I’ve worked with Sass maps before, but only to automate mixins and such. What’s our best way to override one or two of these values? Or will we be copying the whole map into our _variables.scss file and editing it there?
This is compounded by the fact that the above references the $gray- colors, which Sage’s _variables.scss doesn’t have access to since it’s called first in main.scss and those values don’t exist yet.
So this is an interesting problem. I’d love to start updating some of my in-progress projects for Bootstrap Beta, but I’m not sure how best to tackle these basic issues. Anyone with more Sass experience have thoughts?
It seems to me that without this fix the entire Bootstrap color system must be imported into Sage’s _variables.scss in order to override a single color, like the primary color. See extended conversation here:
This is profoundly annoying, but with @ben’s ‘OK’ I can make a PR with the color system copied to _variables.scss and the primary overridden to Sage’s traditional green.
I don’t care for it. Last time I tried Bootstrap 4 was around May and I ended up rolling the project back to Bootstrap 3 because of this type of stuff. At the time the colors weren’t in maps, but it seemed like everything else was - spacers, break points, columns, container widths.
I know it’s probably an “old man yells at cloud” scenario on my part, but I don’t see the benefit here.

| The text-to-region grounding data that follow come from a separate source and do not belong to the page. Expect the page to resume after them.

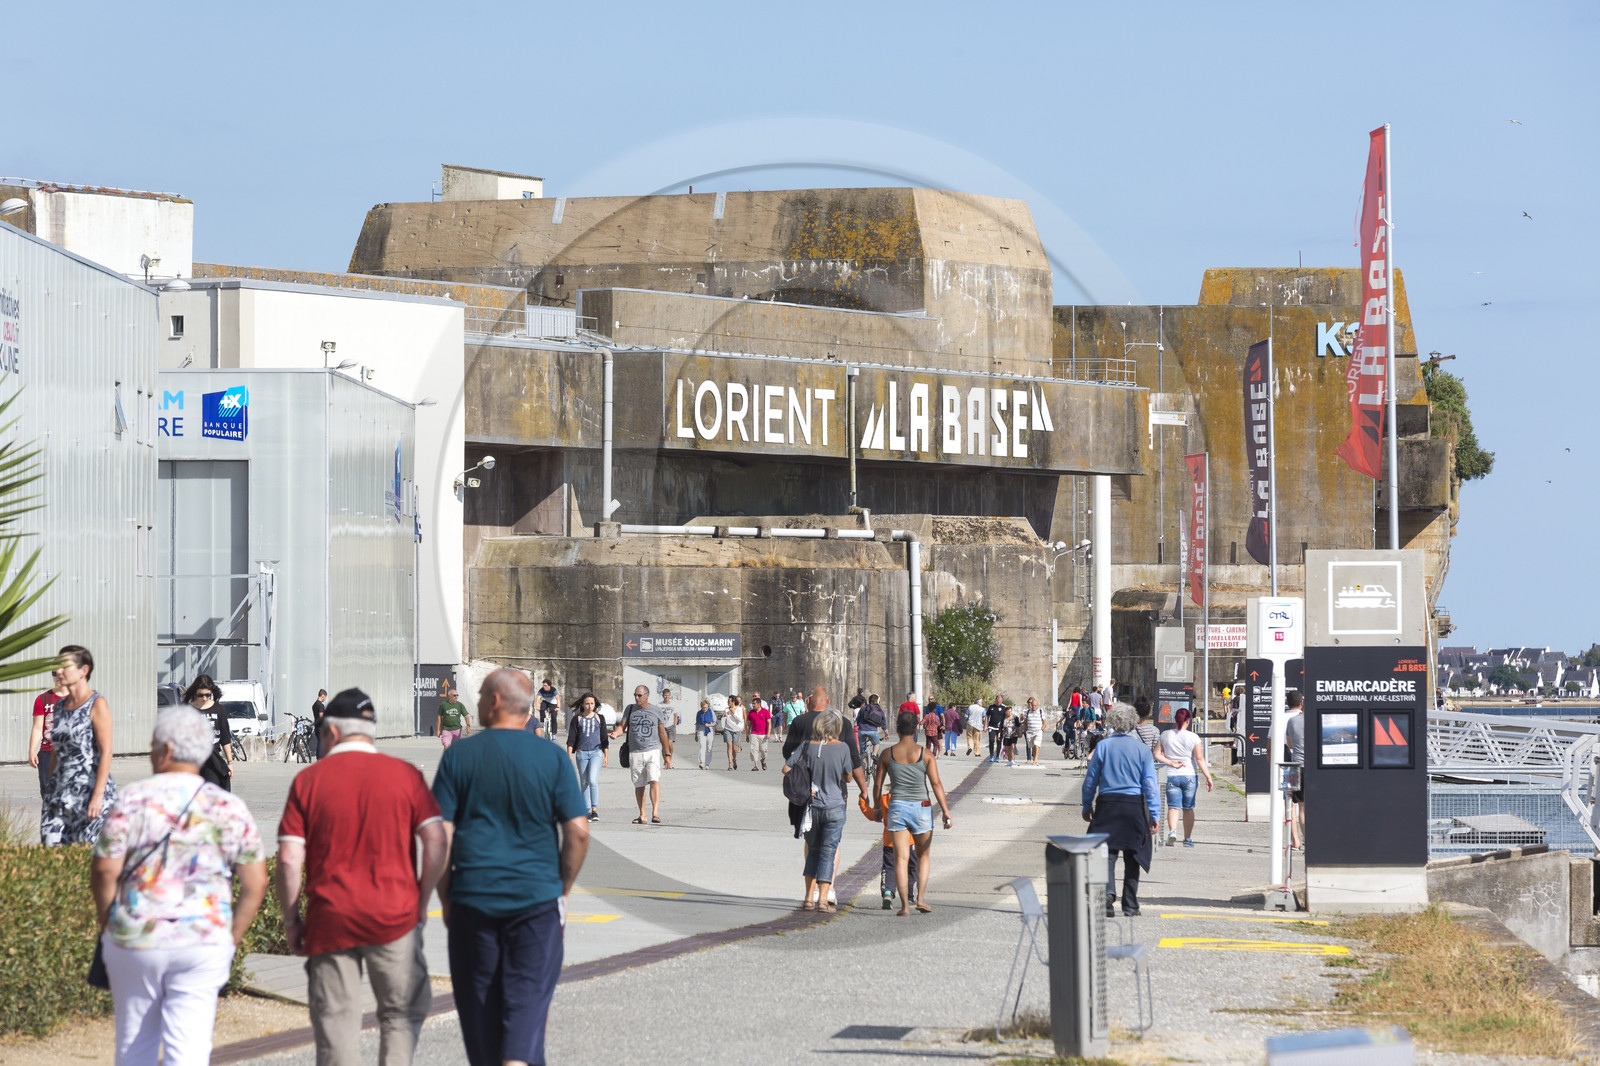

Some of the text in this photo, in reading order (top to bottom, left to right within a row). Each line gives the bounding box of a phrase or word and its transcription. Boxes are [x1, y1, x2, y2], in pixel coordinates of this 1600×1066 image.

[1359, 346, 1386, 405] LA
[676, 378, 836, 446] LORIENT
[204, 421, 243, 430] BANQUE
[889, 380, 1028, 459] LA BASE
[203, 428, 243, 439] POPULAIRE
[1250, 382, 1269, 519] LA BASE
[655, 636, 683, 646] MUSÉE
[1398, 664, 1427, 672] LA BASE
[1316, 677, 1416, 692] EMBARCADÈRE
[1316, 694, 1334, 702] BOAT
[1335, 694, 1369, 702] TERMINAL
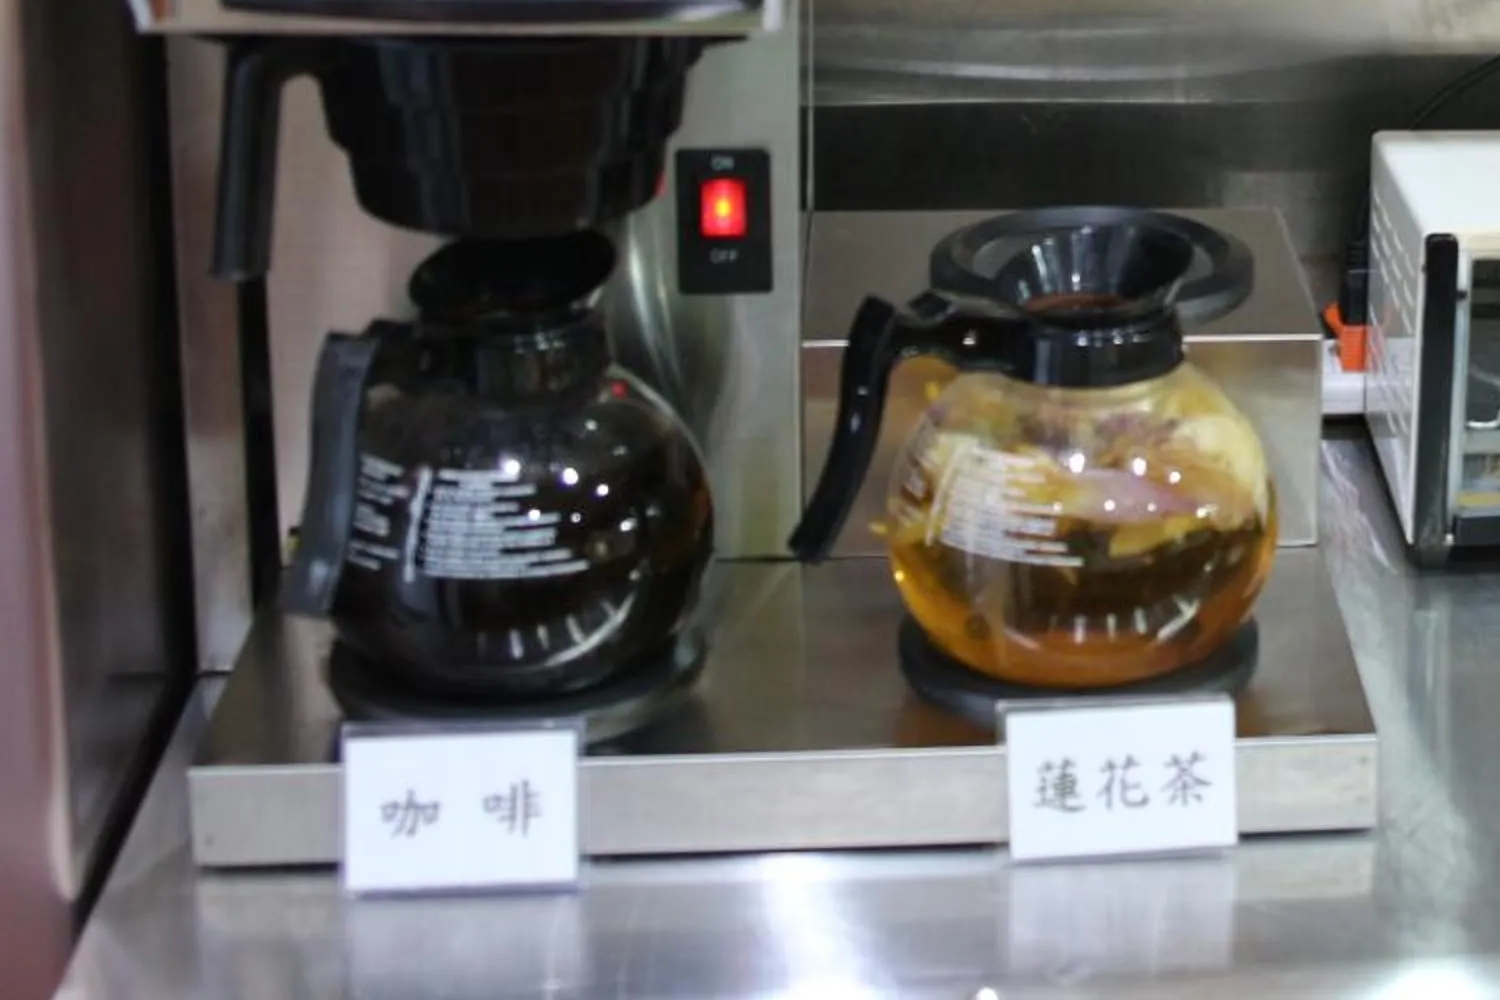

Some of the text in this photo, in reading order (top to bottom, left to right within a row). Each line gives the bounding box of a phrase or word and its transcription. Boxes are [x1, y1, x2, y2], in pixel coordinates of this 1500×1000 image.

[379, 779, 543, 838] 咖啡
[1033, 751, 1213, 813] 蓮花茶

It seems like being clever just for the sake of being clever.
Other than an intense desire to learn the latest thing and be on top of it, no? But Beta and release are going to be more stable. And that stability means we have to learn new things
Having the colors in a theme-colors map seemed a bit strange at once, but one benefit seems to be that components are only generated in the color variants that you define in this map, and it is easier to add new colors if needed. Also really like the new grid column ordering system.

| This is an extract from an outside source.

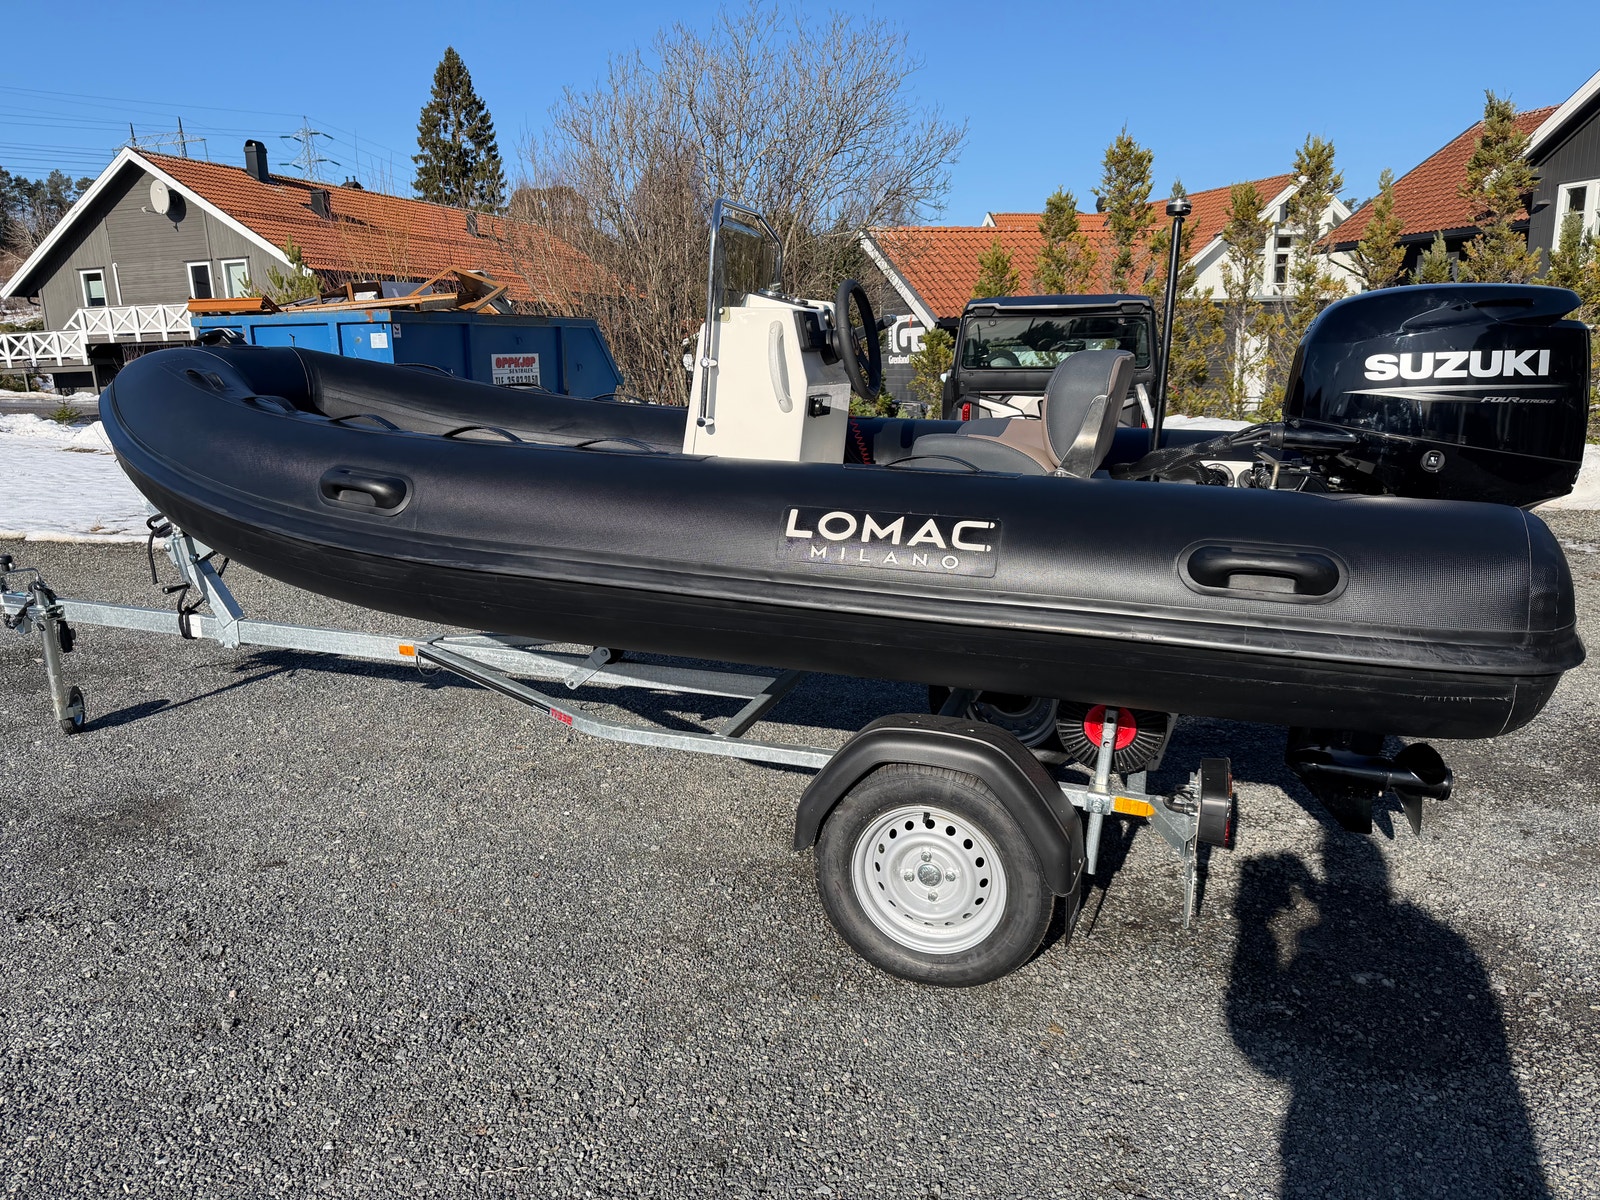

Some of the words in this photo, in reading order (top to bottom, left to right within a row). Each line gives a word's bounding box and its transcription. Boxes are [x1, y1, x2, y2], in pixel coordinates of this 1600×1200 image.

[1364, 349, 1550, 381] SUZUKI
[785, 508, 996, 552] LOMAC
[810, 545, 960, 570] MILANO

This is really helping me out. I don’t have to remember to do a background variant, button variant, alert variant, text variant, etc. I just add a color to $theme-colors and recompile. Very nice.
Rather than using explicit .visible-* classes, you make an element visible by simply not hiding it at that screen size. You can combine one .d-*-none class with one .d-*-block class to show an element only on a given interval of screen sizes (e.g. .d-none.d-md-block.d-xl-none shows the element only on medium and large devices).